- _BRIEF_: Reproduce the entries below in full and without error.

- _DATA TO EXAMINE_:
_ _ _ _

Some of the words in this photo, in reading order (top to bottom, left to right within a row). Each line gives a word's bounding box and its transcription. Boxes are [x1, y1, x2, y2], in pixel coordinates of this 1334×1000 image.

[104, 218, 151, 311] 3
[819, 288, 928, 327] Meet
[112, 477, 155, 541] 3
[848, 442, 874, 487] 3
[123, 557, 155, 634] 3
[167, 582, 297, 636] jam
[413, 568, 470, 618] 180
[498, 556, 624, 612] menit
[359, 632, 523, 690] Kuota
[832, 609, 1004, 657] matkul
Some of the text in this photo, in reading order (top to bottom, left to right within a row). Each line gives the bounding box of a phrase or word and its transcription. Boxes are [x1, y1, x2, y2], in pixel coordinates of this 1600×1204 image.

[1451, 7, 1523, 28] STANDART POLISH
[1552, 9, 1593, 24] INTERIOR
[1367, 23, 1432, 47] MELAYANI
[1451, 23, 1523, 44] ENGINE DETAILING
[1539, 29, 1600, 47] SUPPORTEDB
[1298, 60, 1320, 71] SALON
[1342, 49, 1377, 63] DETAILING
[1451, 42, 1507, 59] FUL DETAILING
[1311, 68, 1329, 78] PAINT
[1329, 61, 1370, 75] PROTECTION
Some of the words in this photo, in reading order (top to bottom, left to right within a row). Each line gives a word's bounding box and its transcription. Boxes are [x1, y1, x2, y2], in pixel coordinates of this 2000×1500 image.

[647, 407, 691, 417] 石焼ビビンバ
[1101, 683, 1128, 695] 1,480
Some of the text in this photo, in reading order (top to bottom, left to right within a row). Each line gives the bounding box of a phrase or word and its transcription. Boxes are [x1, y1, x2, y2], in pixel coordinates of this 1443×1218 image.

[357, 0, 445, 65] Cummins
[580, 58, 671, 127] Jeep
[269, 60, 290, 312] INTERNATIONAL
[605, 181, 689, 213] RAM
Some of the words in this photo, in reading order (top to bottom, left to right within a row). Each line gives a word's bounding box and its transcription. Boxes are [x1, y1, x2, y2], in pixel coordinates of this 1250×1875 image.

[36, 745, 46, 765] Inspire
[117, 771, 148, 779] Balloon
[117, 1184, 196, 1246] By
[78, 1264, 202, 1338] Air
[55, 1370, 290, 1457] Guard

_ _ _ _

- _THE COMPLETED TASK_:
Some of the words in this photo, in reading order (top to bottom, left to right within a row). Each line gives a word's bounding box and its transcription. Boxes are [x1, y1, x2, y2], in pixel coordinates of this 1334×1000 image.

[104, 218, 151, 311] 3
[819, 288, 928, 327] Meet
[112, 477, 155, 541] 3
[848, 442, 874, 487] 3
[123, 557, 155, 634] 3
[167, 582, 297, 636] jam
[413, 568, 470, 618] 180
[498, 556, 624, 612] menit
[359, 632, 523, 690] Kuota
[832, 609, 1004, 657] matkul
Some of the text in this photo, in reading order (top to bottom, left to right within a row). Each line gives the bounding box of a phrase or word and its transcription. Boxes are [x1, y1, x2, y2], in pixel coordinates of this 1600×1204 image.

[1451, 7, 1523, 28] STANDART POLISH
[1552, 9, 1593, 24] INTERIOR
[1367, 23, 1432, 47] MELAYANI
[1451, 23, 1523, 44] ENGINE DETAILING
[1539, 29, 1600, 47] SUPPORTEDB
[1298, 60, 1320, 71] SALON
[1342, 49, 1377, 63] DETAILING
[1451, 42, 1507, 59] FUL DETAILING
[1311, 68, 1329, 78] PAINT
[1329, 61, 1370, 75] PROTECTION
Some of the words in this photo, in reading order (top to bottom, left to right within a row). Each line gives a word's bounding box and its transcription. Boxes are [x1, y1, x2, y2], in pixel coordinates of this 2000×1500 image.

[647, 407, 691, 417] 石焼ビビンバ
[1101, 683, 1128, 695] 1,480
Some of the text in this photo, in reading order (top to bottom, left to right within a row). Each line gives the bounding box of a phrase or word and its transcription. Boxes are [x1, y1, x2, y2], in pixel coordinates of this 1443×1218 image.

[357, 0, 445, 65] Cummins
[580, 58, 671, 127] Jeep
[269, 60, 290, 312] INTERNATIONAL
[605, 181, 689, 213] RAM
Some of the words in this photo, in reading order (top to bottom, left to right within a row). Each line gives a word's bounding box and its transcription. Boxes are [x1, y1, x2, y2], in pixel coordinates of this 1250×1875 image.

[36, 745, 46, 765] Inspire
[117, 771, 148, 779] Balloon
[117, 1184, 196, 1246] By
[78, 1264, 202, 1338] Air
[55, 1370, 290, 1457] Guard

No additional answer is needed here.